> **Task description**
Copy out exactly every line from the line containing "this 1440×960 image." until the records below end, inclusive of both boundary lines.

> **Recorded data**

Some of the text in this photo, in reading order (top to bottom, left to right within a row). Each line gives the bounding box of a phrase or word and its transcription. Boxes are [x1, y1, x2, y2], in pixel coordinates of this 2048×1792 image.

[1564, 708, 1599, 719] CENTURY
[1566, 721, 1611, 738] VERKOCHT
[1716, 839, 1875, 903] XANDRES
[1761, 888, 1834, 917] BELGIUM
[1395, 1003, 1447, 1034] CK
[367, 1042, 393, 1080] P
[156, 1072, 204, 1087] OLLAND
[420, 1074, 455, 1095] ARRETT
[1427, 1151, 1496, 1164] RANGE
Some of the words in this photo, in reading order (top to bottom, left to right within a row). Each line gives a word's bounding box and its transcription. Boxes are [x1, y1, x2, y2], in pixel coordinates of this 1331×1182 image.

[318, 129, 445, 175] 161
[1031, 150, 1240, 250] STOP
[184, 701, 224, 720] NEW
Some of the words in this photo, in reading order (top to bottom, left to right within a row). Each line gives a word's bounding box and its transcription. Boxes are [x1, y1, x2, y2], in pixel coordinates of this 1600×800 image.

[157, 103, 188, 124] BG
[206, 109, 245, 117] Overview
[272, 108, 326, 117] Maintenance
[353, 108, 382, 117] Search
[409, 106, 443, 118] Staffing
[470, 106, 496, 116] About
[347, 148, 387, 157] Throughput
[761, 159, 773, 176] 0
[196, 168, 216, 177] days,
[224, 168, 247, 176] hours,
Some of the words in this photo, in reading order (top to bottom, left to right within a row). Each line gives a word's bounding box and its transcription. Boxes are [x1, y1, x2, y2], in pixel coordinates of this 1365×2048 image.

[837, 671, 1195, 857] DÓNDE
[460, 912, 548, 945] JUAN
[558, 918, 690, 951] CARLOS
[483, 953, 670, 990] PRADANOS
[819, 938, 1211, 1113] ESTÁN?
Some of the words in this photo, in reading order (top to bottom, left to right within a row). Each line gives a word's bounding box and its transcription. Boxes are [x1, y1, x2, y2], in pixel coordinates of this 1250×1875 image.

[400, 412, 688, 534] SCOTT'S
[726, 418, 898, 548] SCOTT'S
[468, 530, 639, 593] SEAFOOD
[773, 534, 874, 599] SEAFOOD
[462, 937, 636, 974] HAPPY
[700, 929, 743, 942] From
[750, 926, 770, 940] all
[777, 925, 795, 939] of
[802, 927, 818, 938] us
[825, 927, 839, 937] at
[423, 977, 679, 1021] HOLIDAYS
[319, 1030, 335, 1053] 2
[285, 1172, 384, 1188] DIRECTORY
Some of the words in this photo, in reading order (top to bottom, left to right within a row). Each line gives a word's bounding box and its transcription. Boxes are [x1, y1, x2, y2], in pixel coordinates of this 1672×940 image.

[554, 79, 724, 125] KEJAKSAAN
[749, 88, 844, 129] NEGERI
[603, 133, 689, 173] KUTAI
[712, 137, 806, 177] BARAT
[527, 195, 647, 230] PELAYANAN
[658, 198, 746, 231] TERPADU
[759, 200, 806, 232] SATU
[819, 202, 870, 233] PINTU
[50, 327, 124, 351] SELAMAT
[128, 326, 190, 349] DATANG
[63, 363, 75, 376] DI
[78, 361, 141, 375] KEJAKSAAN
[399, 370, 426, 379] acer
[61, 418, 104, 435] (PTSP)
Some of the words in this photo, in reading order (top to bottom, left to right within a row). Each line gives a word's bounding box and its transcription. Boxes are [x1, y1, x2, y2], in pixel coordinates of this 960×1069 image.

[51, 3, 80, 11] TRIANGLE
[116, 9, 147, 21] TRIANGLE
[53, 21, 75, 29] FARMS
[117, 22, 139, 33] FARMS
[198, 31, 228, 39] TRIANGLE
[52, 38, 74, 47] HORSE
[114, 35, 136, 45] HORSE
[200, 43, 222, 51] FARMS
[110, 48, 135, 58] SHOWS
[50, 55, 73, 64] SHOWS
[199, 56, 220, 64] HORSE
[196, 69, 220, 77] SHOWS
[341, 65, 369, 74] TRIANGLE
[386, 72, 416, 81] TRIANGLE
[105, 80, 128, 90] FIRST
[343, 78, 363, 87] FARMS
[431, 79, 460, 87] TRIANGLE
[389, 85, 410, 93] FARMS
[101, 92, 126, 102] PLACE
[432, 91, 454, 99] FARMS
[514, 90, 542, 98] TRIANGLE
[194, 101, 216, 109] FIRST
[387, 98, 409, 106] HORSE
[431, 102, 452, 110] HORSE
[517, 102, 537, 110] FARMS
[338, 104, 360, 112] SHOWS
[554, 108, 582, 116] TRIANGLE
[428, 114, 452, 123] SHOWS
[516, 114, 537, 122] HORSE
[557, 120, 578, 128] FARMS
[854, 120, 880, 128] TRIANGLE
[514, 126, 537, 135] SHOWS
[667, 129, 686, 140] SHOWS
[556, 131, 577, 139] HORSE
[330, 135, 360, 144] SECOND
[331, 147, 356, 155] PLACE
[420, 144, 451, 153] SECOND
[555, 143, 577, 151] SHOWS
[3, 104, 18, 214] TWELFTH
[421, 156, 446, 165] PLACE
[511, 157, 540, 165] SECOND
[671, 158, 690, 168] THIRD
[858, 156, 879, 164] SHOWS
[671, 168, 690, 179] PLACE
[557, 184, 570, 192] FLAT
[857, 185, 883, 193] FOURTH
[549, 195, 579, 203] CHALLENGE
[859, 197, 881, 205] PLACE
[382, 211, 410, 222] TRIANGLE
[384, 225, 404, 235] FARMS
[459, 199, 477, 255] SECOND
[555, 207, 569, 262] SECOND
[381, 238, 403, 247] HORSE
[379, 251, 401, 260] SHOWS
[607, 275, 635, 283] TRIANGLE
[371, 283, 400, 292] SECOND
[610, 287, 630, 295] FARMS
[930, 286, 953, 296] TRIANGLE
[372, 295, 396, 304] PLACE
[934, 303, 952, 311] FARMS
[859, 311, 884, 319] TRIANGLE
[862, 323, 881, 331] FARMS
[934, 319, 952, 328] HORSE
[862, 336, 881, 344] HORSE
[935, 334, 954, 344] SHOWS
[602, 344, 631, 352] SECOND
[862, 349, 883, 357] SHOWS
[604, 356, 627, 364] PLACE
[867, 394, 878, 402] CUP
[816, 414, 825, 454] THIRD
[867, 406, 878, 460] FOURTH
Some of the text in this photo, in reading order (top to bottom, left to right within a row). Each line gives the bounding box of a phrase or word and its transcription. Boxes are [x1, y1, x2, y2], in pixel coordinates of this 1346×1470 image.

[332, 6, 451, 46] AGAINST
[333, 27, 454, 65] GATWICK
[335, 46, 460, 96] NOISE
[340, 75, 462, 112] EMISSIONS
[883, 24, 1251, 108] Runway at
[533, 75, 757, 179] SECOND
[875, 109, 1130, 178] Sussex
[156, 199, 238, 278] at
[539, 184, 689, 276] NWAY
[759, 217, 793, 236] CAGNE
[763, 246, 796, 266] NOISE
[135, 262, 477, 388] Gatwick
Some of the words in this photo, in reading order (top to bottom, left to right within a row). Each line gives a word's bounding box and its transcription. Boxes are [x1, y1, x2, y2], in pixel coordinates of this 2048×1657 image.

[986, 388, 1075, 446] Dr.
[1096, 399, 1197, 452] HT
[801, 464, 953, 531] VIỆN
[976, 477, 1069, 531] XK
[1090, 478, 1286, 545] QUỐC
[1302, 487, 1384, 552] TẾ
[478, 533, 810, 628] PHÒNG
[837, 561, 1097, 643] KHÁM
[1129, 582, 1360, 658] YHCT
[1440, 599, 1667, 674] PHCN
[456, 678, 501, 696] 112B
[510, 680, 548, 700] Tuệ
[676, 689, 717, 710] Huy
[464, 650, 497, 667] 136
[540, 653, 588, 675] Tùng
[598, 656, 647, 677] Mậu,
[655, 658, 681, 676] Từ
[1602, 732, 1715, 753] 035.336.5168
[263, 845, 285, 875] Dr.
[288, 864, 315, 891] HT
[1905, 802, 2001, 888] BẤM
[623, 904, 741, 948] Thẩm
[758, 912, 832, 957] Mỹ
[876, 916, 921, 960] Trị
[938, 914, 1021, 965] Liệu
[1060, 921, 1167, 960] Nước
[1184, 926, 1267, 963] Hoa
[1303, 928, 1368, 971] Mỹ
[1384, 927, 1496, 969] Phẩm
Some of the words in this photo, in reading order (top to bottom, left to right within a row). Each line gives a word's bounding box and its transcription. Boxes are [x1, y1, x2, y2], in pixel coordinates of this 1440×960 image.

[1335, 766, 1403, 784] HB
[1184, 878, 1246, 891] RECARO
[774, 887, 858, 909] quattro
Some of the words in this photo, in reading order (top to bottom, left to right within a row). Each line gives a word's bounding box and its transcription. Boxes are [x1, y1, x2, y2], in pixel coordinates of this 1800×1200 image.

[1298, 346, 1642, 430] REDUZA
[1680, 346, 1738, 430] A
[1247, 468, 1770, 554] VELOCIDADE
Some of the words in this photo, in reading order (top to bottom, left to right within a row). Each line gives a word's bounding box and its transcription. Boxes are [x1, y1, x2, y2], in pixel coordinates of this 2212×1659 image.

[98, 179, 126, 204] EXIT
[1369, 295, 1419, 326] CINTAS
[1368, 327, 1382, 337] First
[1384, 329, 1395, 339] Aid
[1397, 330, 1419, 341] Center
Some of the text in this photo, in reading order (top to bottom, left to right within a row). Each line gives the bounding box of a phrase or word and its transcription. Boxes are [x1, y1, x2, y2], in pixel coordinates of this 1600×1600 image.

> **Answer to this exercise**
Some of the words in this photo, in reading order (top to bottom, left to right within a row). Each line gives a word's bounding box and its transcription. Boxes are [x1, y1, x2, y2], in pixel coordinates of this 1440×960 image.

[1335, 766, 1403, 784] HB
[1184, 878, 1246, 891] RECARO
[774, 887, 858, 909] quattro
Some of the words in this photo, in reading order (top to bottom, left to right within a row). Each line gives a word's bounding box and its transcription. Boxes are [x1, y1, x2, y2], in pixel coordinates of this 1800×1200 image.

[1298, 346, 1642, 430] REDUZA
[1680, 346, 1738, 430] A
[1247, 468, 1770, 554] VELOCIDADE
Some of the words in this photo, in reading order (top to bottom, left to right within a row). Each line gives a word's bounding box and its transcription. Boxes are [x1, y1, x2, y2], in pixel coordinates of this 2212×1659 image.

[98, 179, 126, 204] EXIT
[1369, 295, 1419, 326] CINTAS
[1368, 327, 1382, 337] First
[1384, 329, 1395, 339] Aid
[1397, 330, 1419, 341] Center
Some of the text in this photo, in reading order (top to bottom, left to right within a row). Each line gives the bounding box of a phrase or word and its transcription. Boxes are [x1, y1, x2, y2], in pixel coordinates of this 1600×1600 image.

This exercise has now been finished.